5. Distributed DBs • Create a heterogeneous distributed database • Use your relational schema from problem 3 as one of them • Specify two other schemas that concern the same general application domain, but do NOT use any of your XML language terms. • Instead, they use their own terms, but make some of them similar to your XML language terms and make others quite different. • For your 2 new schemas, specify their keys, FK’s, FDs and MVDs and deliberately make them conflict with the original schema and with each other
Distributed DBs, continued • Build a set of primitives that you might use to translate these conflicting schemas into a single schema. • For example, you will specify a primitive that can be used to to pick an FD from one schema over an FD from another schema (given that the two FDs conflict). • Be creative and think about other conflicts that must be settled. • IMPORTANT: Your primitives are generic and not based on the terms in the 3 schemas. You are in essence laying out some primitives that can be used to merge two or more schemas • Use your new primitives to turn your 3 schemas into 1. In other words, write a problem with your primitives that merges the 3 schemas into 1.

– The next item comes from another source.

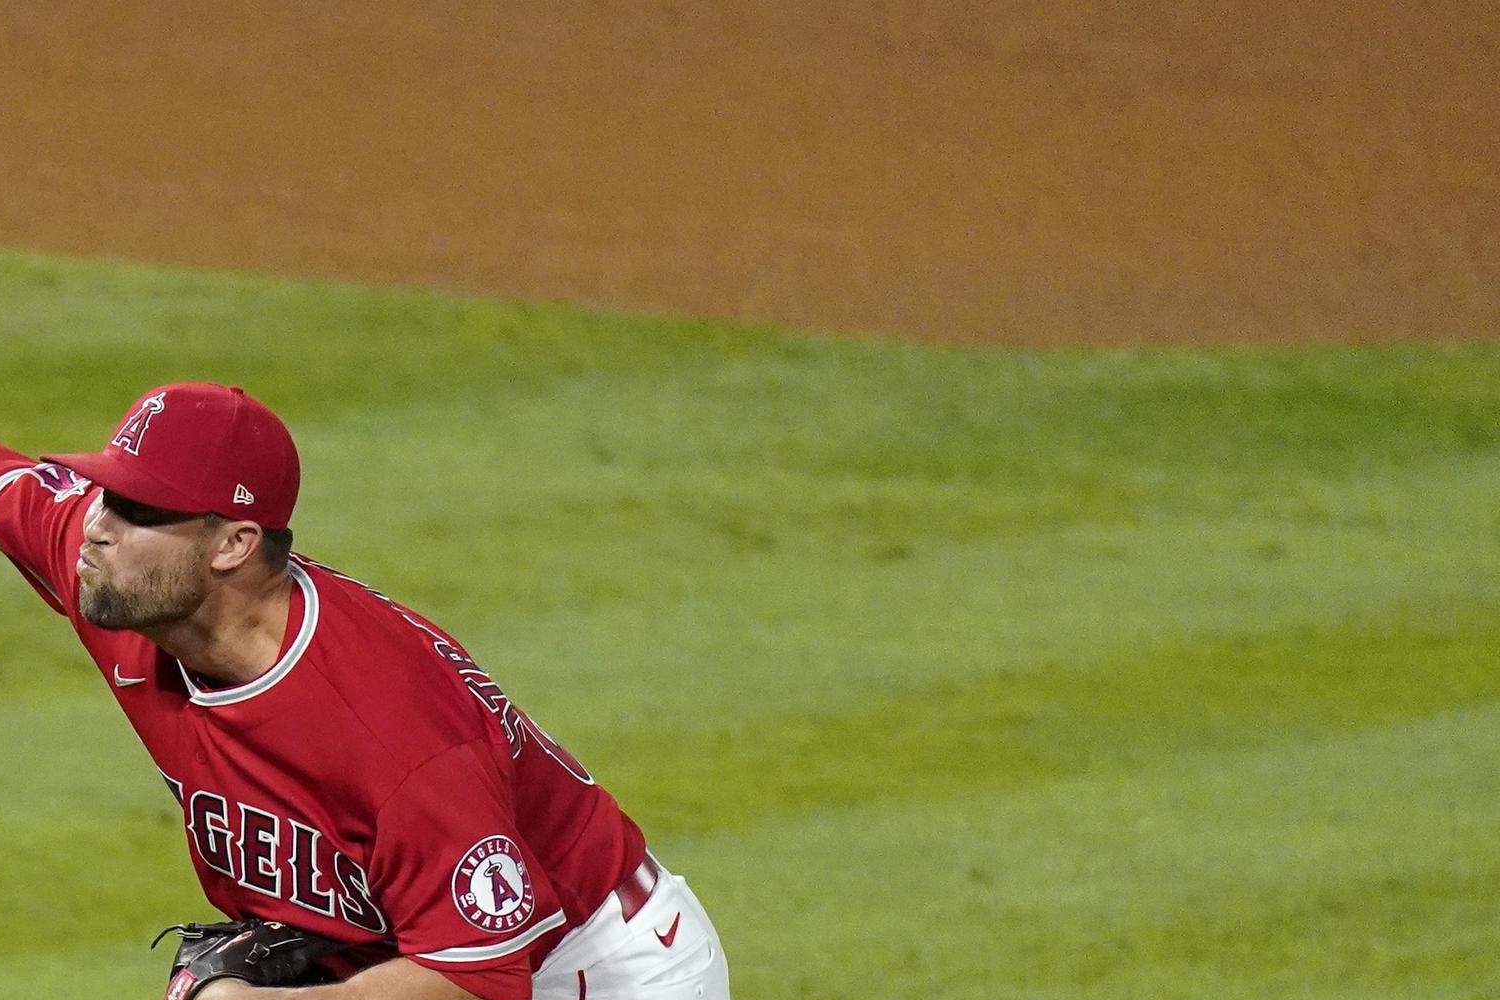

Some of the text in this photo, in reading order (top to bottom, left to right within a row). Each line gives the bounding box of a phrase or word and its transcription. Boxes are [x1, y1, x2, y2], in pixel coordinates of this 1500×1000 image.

6. Ambient Intelligence • Describe an instance of ambient intelligence that would be useful to some sizeable and diverse group of people who are in a public place like a train station or a bank. • In what public place is this system located? • Make sure that computer-based device is end-user friendly. Describe what it does. You can draw one or more picture of the interface, if you want. • Choose an application where people are aware that they are accessing a computer; i.e., don’t use a hidden imbedded computer, like one controlling fuel usage in a car. • How is your device able to instantly adapt to these diverse people? • Would it require special hardware, like gaming hardware? If so, describe it. It’s perfectly fine, and maybe a good idea if you use specialized hardware.
Ambient Intelligence, continued • Make sure that it serves hands-on users, but is also web-connected. • How would the connectivity to the web enhance your systems value to people? • How might this connectivity help whoever it is that has placed this ambient intelligence device in this public place? • In other words, the web connectivity could be in the best interest of the users and/or the people who own the device. • Pick a database system (among the ones we have talked about in class) that will store the data that is collected from this device and uploaded into the web server. • Why is this the best database to use? Be specific. • It’s okay to suggest that more than one database system should be used, but you have to defend both and explain why.
7. Database Systems Comparison • Create a chart that includes • Neo4J • Mongo • MySQL • Cassandra • Hbase • In your chart, the vertical axis will have the databases on them and the horizontal axis will have (at least 4) properties that specifically focus on the way these database systems differ in their capabilities (not the kinds of apps they are meant for, but in their actual functionalities).